Brian Wilson, a giant of American popular music, was distressingly shaky during his performance Wednesday night at the Kauffman Center for the Performing Arts. No matter. An impeccable 11-piece band devised sturdy renditions of Wilson’s classic songs that compensated for his frailties.
A capacity audience of 1,800 in the Muriel Kauffman Theatre attended the generous two-hour show (not including intermission) that featured complete renditions of three dozen songs. Wilson is touring to commemorate the 50th anniversary of “Pet Sounds.”
The re-creation of the masterpiece was the centerpiece of the concert, but the “Pet Sounds” song cycle wasn’t the highlight of the thoroughly fascinating and sporadically thrilling show.

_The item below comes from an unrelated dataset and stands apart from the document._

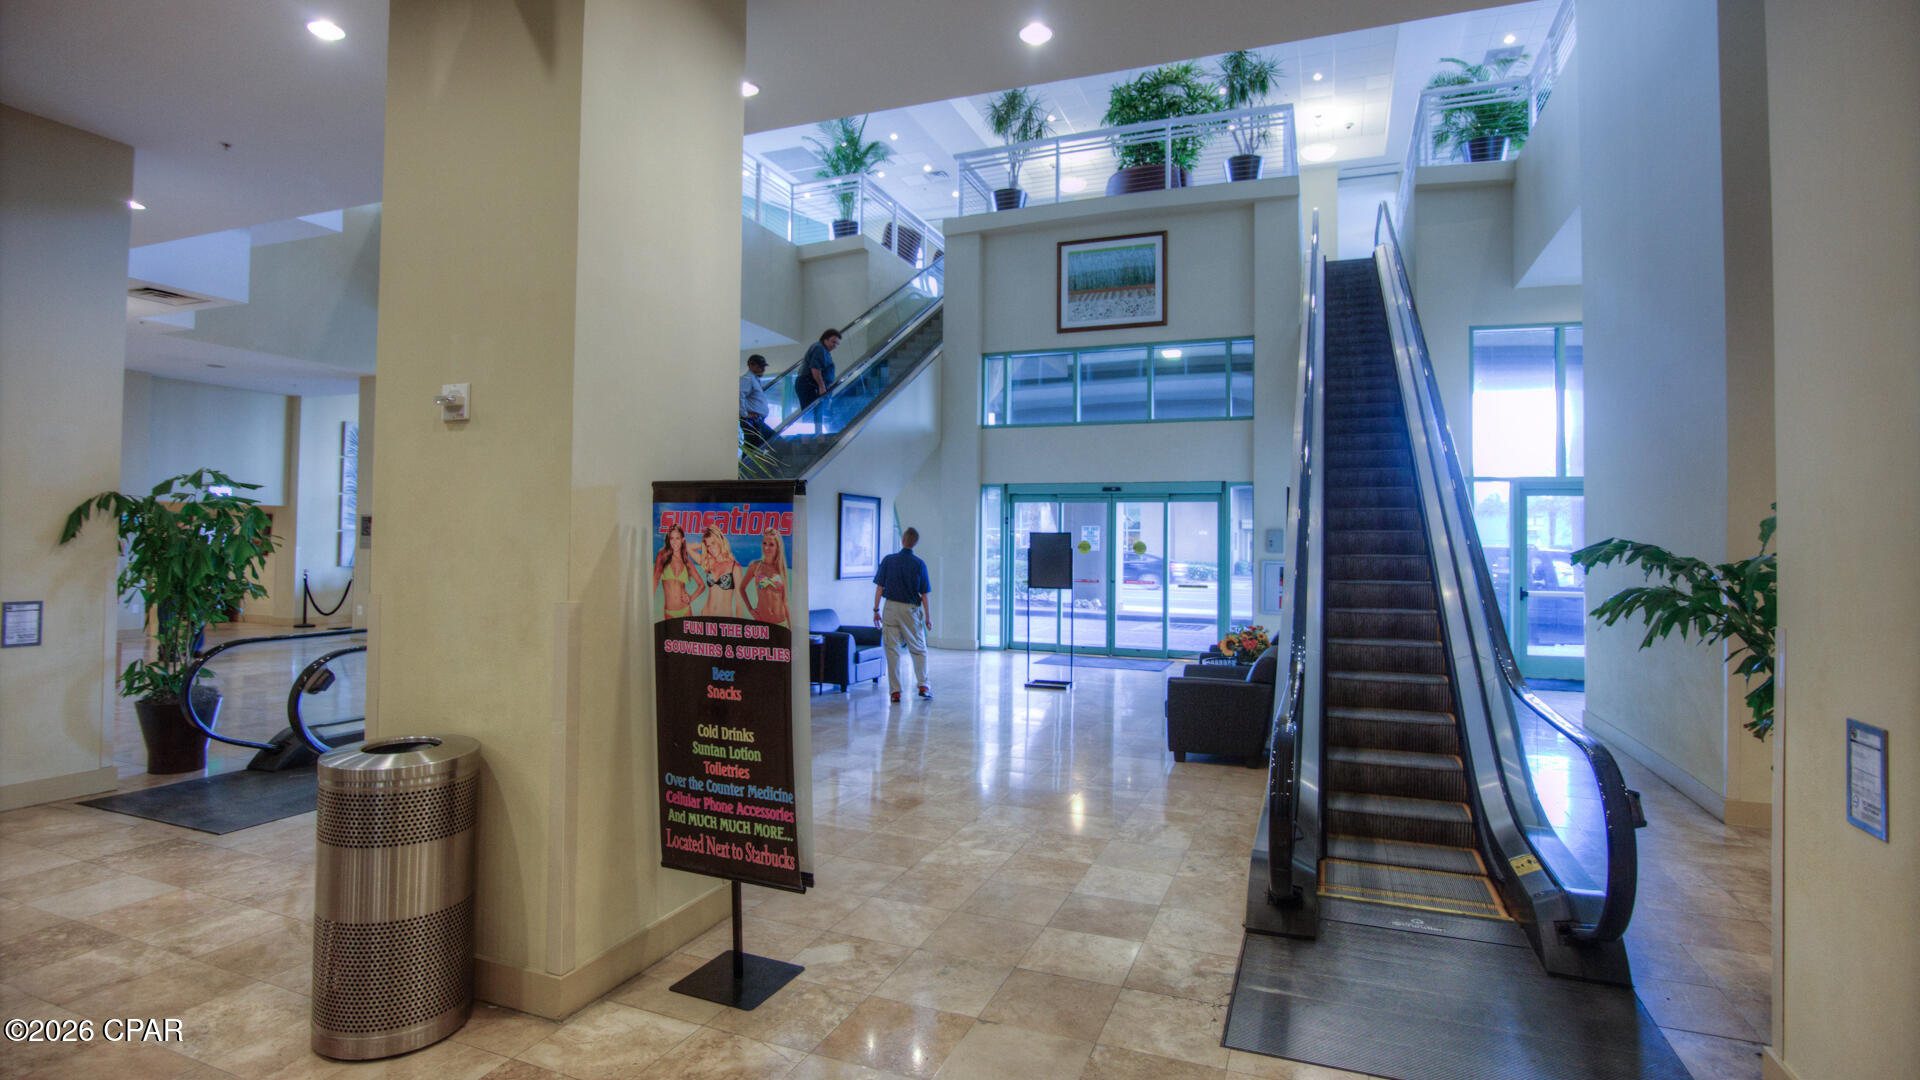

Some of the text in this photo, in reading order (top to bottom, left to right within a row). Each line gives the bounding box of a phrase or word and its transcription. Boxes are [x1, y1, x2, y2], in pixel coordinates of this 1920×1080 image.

The opening song, “Our Prayer,” showcased the immaculate group harmonies that would elevate every selection. The reading of “Heroes and Villains” that followed revealed the most rewarding and troublesome aspects of the concert. Seated at a piano at center stage, Wilson missed a couple of cues during the complex rock operetta. His band, however, was spectacular.
Never miss a local story.
The musicians attacked every song with the studiousness and passion of a renowned classical orchestra. The approach exposed the surprising musicality of comparatively lightweight fare like “California Girls.” The group’s rendering of more ambitious material such as “Good Vibrations” was breathtaking.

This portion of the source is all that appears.